8)      Ma il racconto di Ulisse sulla propria morte, non ha a che fare con il peccato per cui è dannato (a meno che non si voglia vedere nell’”orazion picciola” il consiglio frodolento, cosa davvero difficile visto che si fa appello a valori nobilissimi, quali la superiorità dell’uomo sui bruti e l’aspirazione alla conoscenza), è solo la narrazione di una vicenda che si conclude tragicamente perché l’umanissimo desiderio di conoscere del pagano Ulisse non è sostenuto dalla grazia divina. Per questo suo desiderio di conoscere (l’ardore / ch’i’ ebbi a divenir del mondo esperto / e de li vizi umani e del valore) Ulisse era esaltato dalla tradizione classica (si veda come lo rappresentano gli auctores sopra citati). E così Dante lo recepisce. Ma il cristiano Dante sa anche che senza l’aiuto della grazia la conoscenza non può giungere alla verità. Per questo il “volo” di Ulisse è “folle”, e la follia in Dante (si veda il canto II: “temo che la venuta non sia folle”) indica appunto la presunzione dell’intelletto di giungere alla verità con le sole sue forze, senza la Rivelazione, senza la grazia (se questo fosse stato possibile, “mestier non era parturir Maria”, dice Virgilio in Pg. III pensando con tristezza alla condizione di pagani dotati di grande intelligenza).

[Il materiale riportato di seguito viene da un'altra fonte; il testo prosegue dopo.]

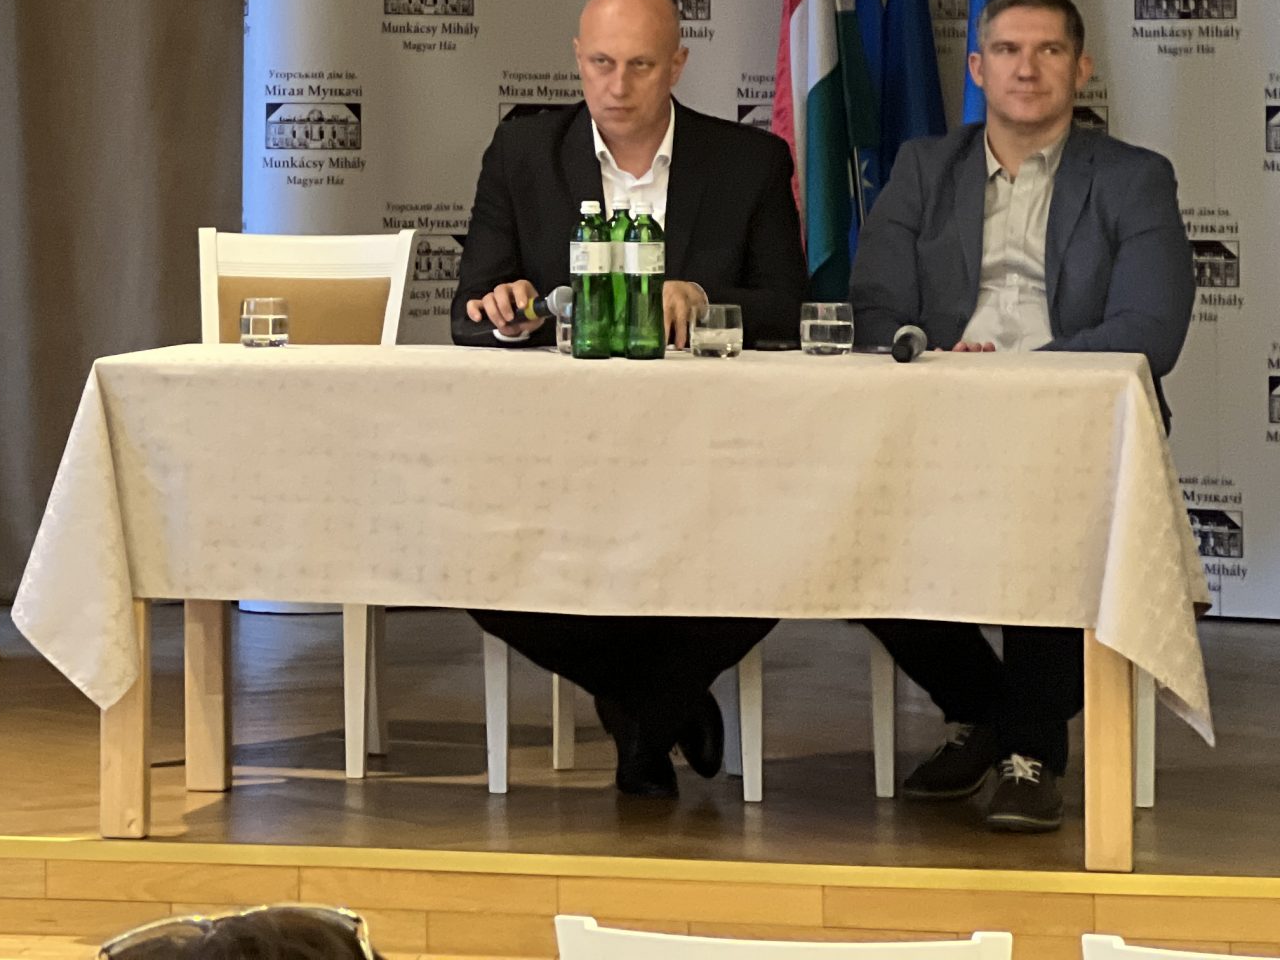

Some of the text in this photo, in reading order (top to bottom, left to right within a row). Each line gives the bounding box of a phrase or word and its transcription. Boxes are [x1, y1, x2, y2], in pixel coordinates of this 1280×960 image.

Dunque quel viaggio verso una verità inconoscibile con le sole forze umane non può che fallire, la nave di Ulisse non può che naufragare in vista della montagna del Purgatorio.
9)      L’alter ego di Ulisse è Dante stesso, che compie, come lui, un viaggio al di là delle capacità umane (e infatti aveva temuto che fosse “folle”); ma, diversamente dall’eroe omerico, Dante è sostenuto dalla grazia divina, lui potrà giungere alla spiaggia del Purgatorio (dove, non a caso, ricorderà ancora il fallimento del viaggio di Ulisse: non diversamente si deve intendere il riferimento di Pg. I, 130-132).